Crítica | Conflitos Internos III
Terceira parte da saga conhecida mundialmente como Infernal Affairs, Conflitos Internos III começa com um número sangrento, em Maio de 2002, alguns meses antes da morte de Chan Wing Yan, retratada em Conflitos Internos. Os diretores Alan Mak e Andrew Lau retornam para dar fim a saga de gato e rato iniciada em 2003*, mostrando de maneira violenta e um pouco fantasiosa o submundo criminal de Hong Kong.
Esse capítulo tem muito mais ligações com o primeiro do que com Conflitos Internos II, até por ter sua linha temporal bem próxima do clássico. Mesmo sua abertura lembra a do primeiro, com um elevador passeando por cenários bem parecidos com os antigos, inclusive com imagens de deuses e demônio. As linhas temporais aqui são bem distintas, brincam entre 2002 e 03, como em uma leitura de relatório das ações dos agentes infiltrados no crime e na policia, trazendo de volta a perseguição de gato e rato que fez famosa a franquia e sua versão estadunidense, Os Infiltrados.

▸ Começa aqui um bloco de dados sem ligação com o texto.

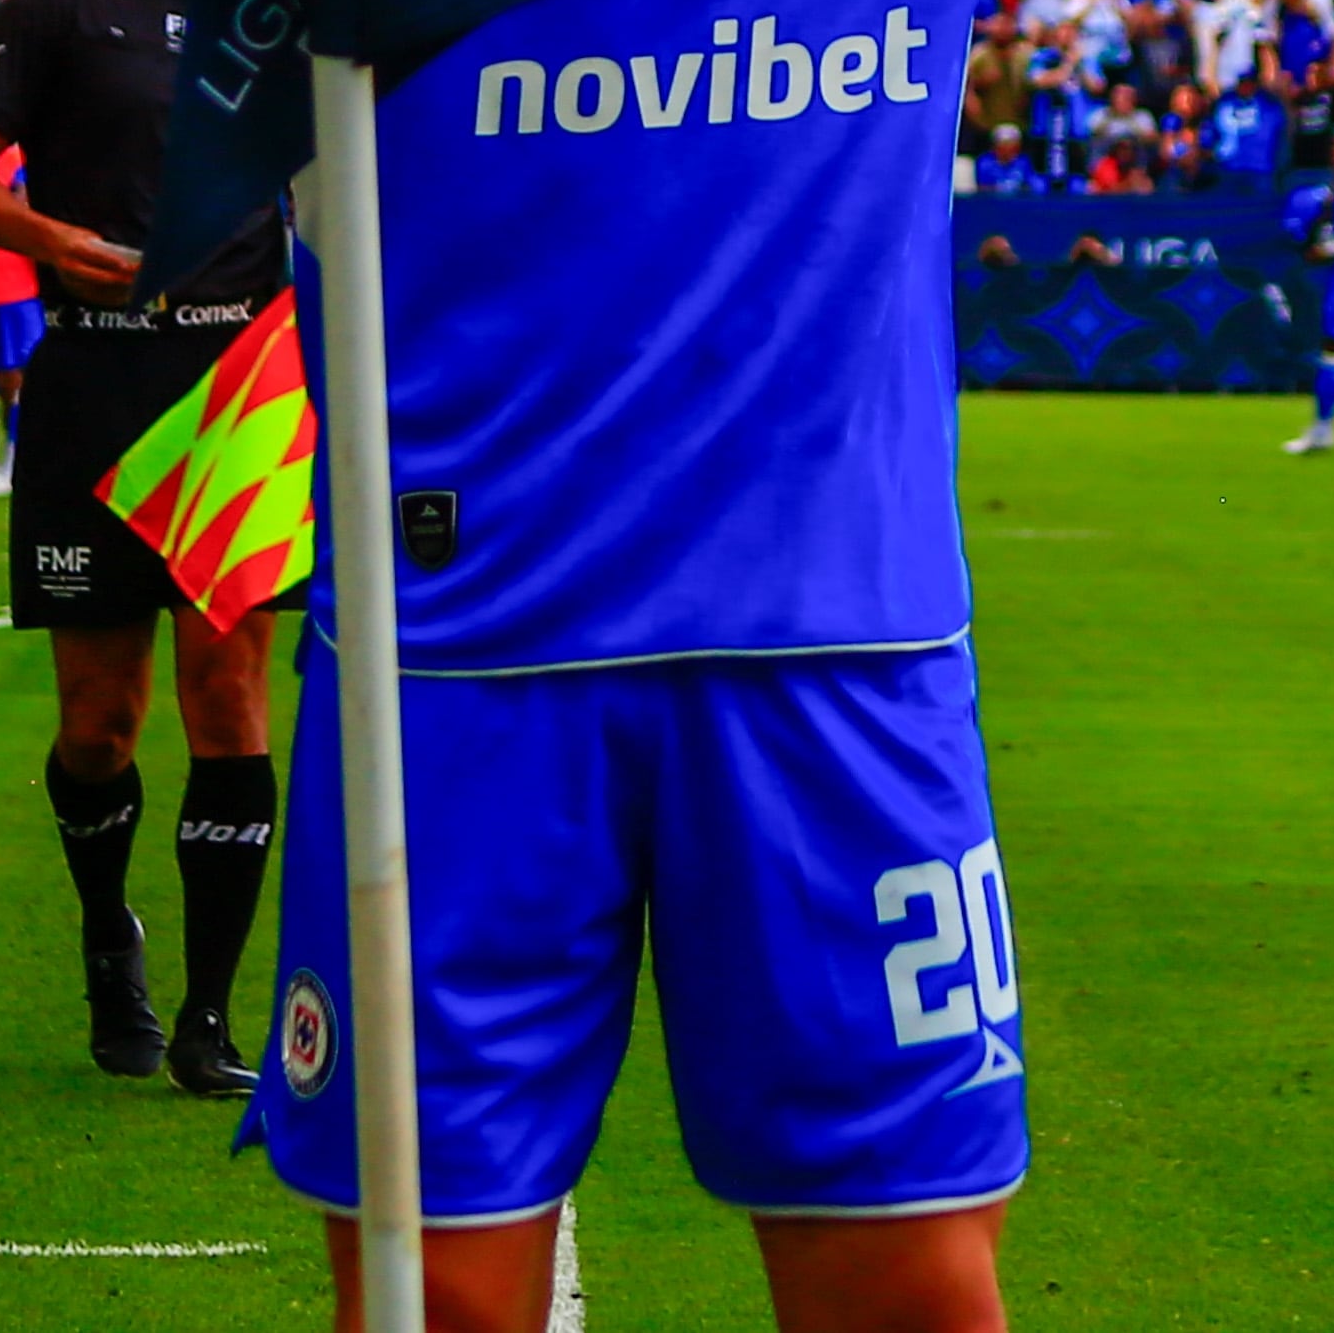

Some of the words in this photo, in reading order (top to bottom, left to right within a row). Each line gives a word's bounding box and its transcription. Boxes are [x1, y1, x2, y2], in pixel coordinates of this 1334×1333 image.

O retorno do inspetor Lau (Andy Lau) é silencioso. Seu personagem parece mais enigmático, mais preocupado em continuar agindo nos dois lados da lei em prol de seus negócios e de sua sobrevivência, correndo as vezes sem rumo, como uma galinha recém decapitada, ainda forte, mas sem pleno uso de suas faculdades mentais. Ele age muitas vezes por impulso, parece estar pensativo mas não aparenta ter o controle da situação, uma vez que nunca foi o cérebro das operações que fez parte.
A mostra das sessões de terapia de Chan Wing Yan (Tony Chiu-Wai Leung), com a doutora que foi responsável depois por identificar que ele era um policial disfarçado, mesmo com seus dados no banco da policia deletados. Essa parte foi traduzida de modo diferente na versão de Martin Scorsese, economizando personagens, pondo a psicanalista para ser esposa do personagem de Matt Damon, transformando isso num triangulo amoroso. Aqui, há alguns semelhantes parecidos, mas nada tão explicito, ainda que haja sim um componente sentimental, que justificaria o afinco dela por provar que o morto não era um mero fora da lei.
Mesmo na parte pós morte de Yan o que se percebe é uma confusão mental e comportamental da parte do “inspetor”, aqui, ele não é bandido, herói ou anti herói, é sim um herói falido, como um anjo que se revoltou contra Lúcifer. Os últimos momentos de Lau mostram um homem confuso, que não consegue lidar tão bem quanto antes com a pressão de estar sendo sempre vigiado, não lidando bem com a possibilidade de ser descoberto, ele vive um homem só, um sujeito que não tem a quem recorrer, nem superior e nem abaixo dele, está encerrado com seus segredos em si até que ele mesmo exploda, e a saga Conflitos Internos se encerra assim, de forma poética, violenta e melancólica, emulando qualidades inerentes a vida.